Conclusion du Chapitre 2

200- Le droit français et le droit saoudien subordonnent l’ouverture de la procédure collective à la situation dans laquelle se trouve le débiteur. En droit français, la cessation des paiements dont le droit positif s’efforce de préciser les conditions, est le critère qui permet de choisir entre les trois procédures collectives mises en place : la procédure de sauvegarde ne peut pas être ouverte si le débiteur se trouve en état de cessation des paiements et si cet état est établi, le tribunal prononcera nécessairement soit la procédure de redressement judiciaire, soit celle de la liquidation judiciaire. Le choix entre l’une et l’autre se fera sur l’examen de la possibilité ou non de parvenir au redressement de l’entreprise. Le droit saoudien qui ne connaît qu’une seule procédure, à savoir la faillite, se distingue non seulement du droit français mais aussi des législations de la plupart des pays arabes, en subordonnant la mise en place de la procédure à la vérification que les dettes du débiteur excèdent ses biens. Le droit des sociétés prévoit l’ouverture de cette même procédure dans l’hypothèse où la société à responsabilité limitée ou la société anonyme perd la moitié de son capital. Cette position du droit saoudien ne correspond pas à ses objectifs de protection des droits des créanciers. Néanmoins, elle s’explique par l’idée que les règles sur la faillite sont d’une sévérité telle qu’elles ne doivent trouver application qu’à un débiteur qui se trouve dans une situation déterminée, celle de ses dettes qui dépassent ses biens.

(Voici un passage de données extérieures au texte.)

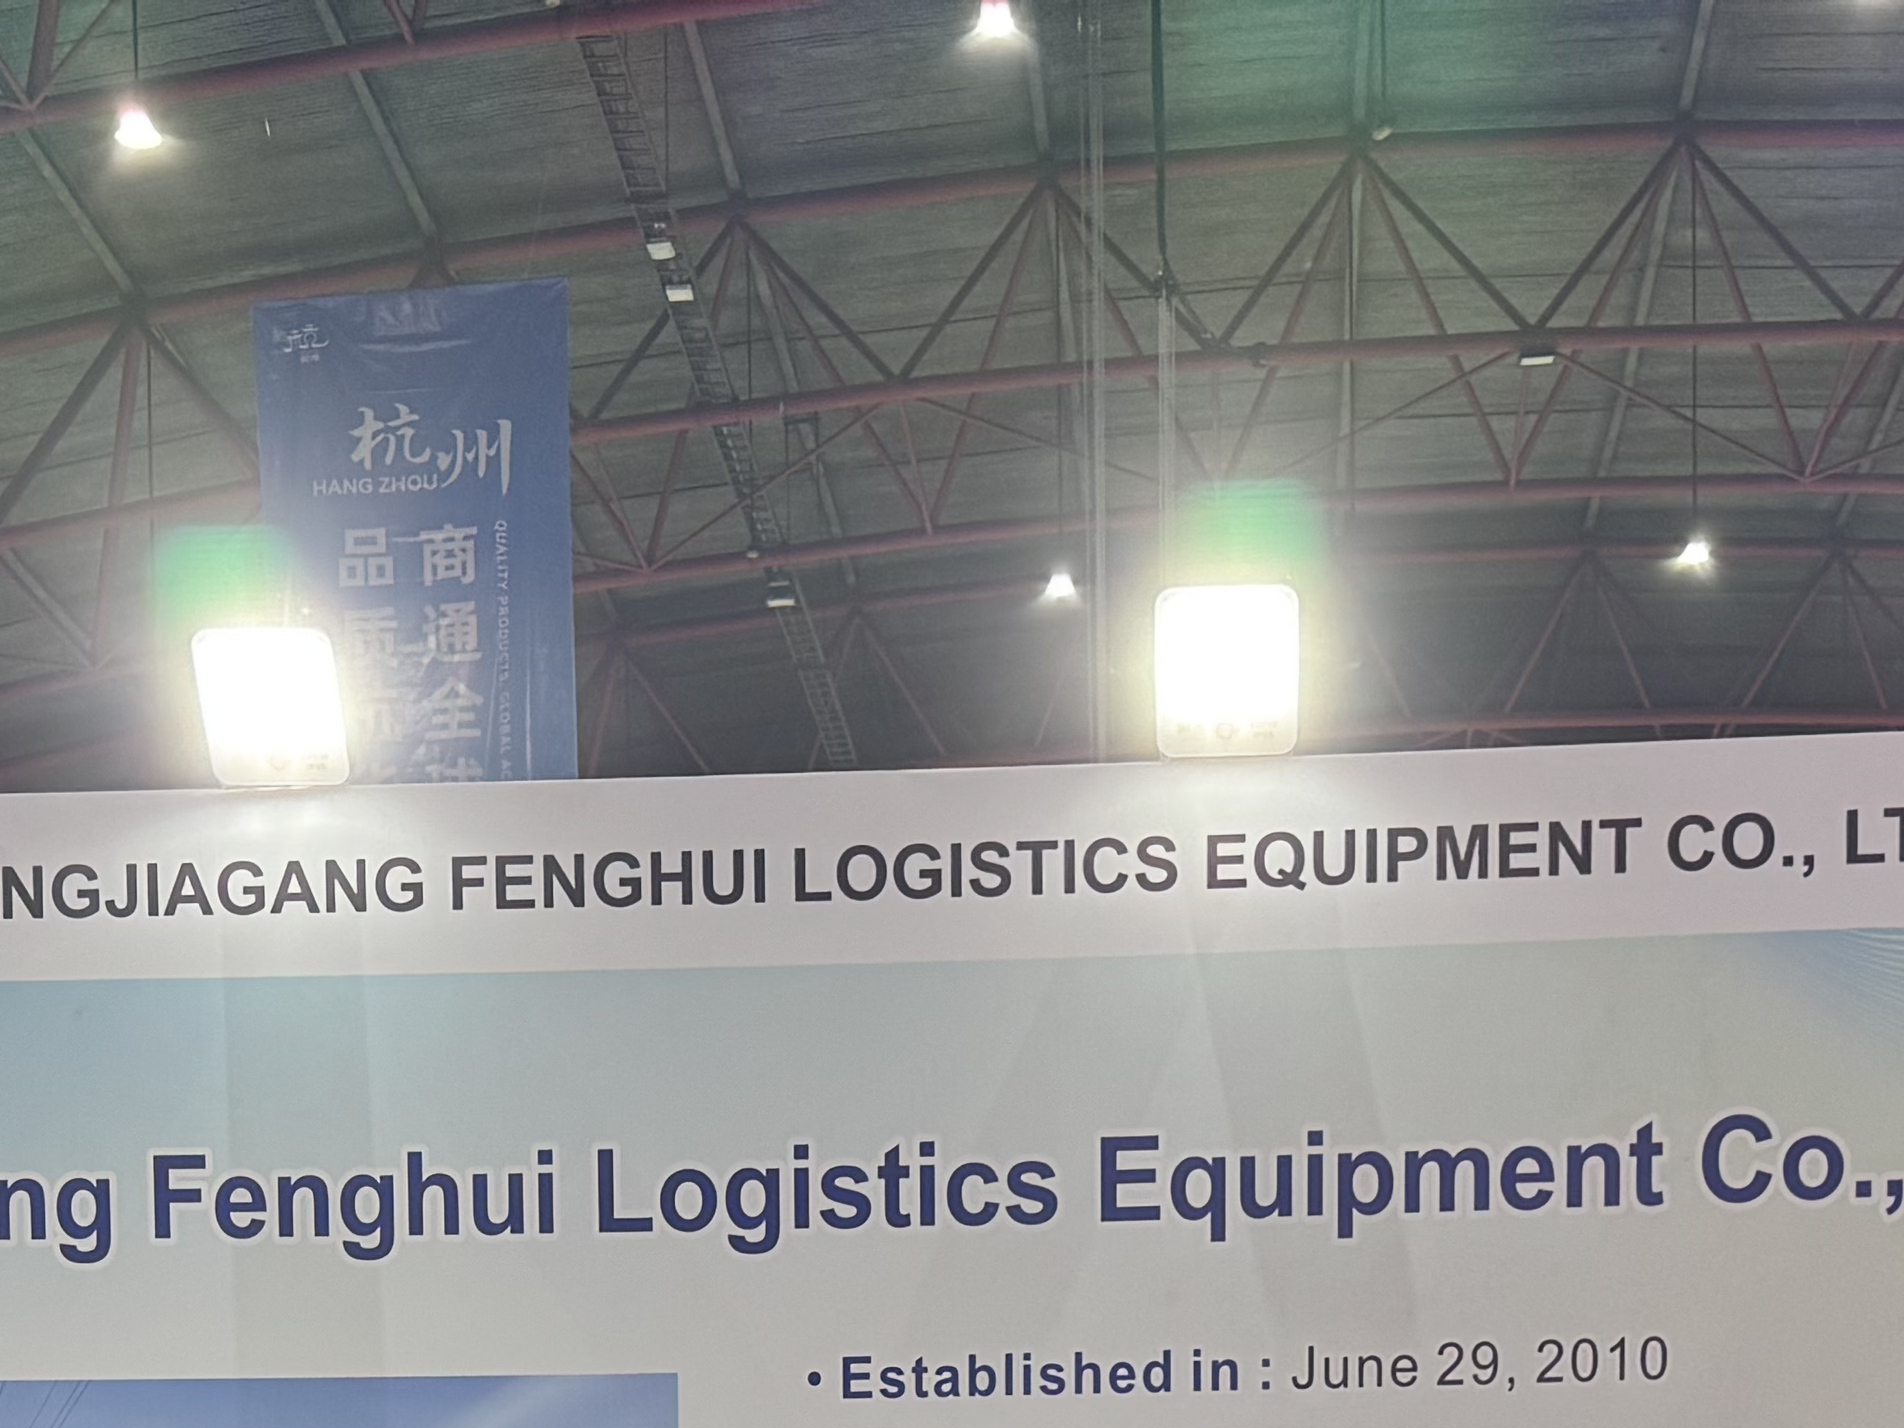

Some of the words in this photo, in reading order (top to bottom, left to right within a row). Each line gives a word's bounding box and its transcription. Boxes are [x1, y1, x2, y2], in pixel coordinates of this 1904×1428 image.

[312, 478, 373, 498] HANG
[378, 473, 439, 494] ZHOU
[348, 402, 513, 496] 杭州
[451, 847, 767, 911] FENGHUI
[793, 835, 1178, 904] LOGISTICS
[1206, 816, 1643, 892] EQUIPMENT
[1666, 811, 1817, 882] CO.,
[152, 1148, 555, 1261] Fenghui
[597, 1140, 1058, 1255] Logistics
[1100, 1120, 1664, 1243] Equipment
[841, 1348, 1172, 1400] Established
[1192, 1348, 1239, 1392] in
[1291, 1345, 1419, 1391] June
[1436, 1341, 1517, 1393] 29,
[1535, 1335, 1670, 1385] 2010

L’ouverture de la procédure peut conduire le juge français à l’étendre à d’autres débiteurs en cas de confusion des patrimoines ou de fictivité de la personne morale. Cette extension n’est pas prévue en tant que telle en droit saoudien pas plus que dans les autres législations des pays arabes étudiés, même si l’ouverture de la faillite d’une société a pour effet la déclaration, parfois automatique, de certains de ses associés en faillite ou encore la possibilité pour le tribunal de condamner les dirigeants de la société au comblement de son passif.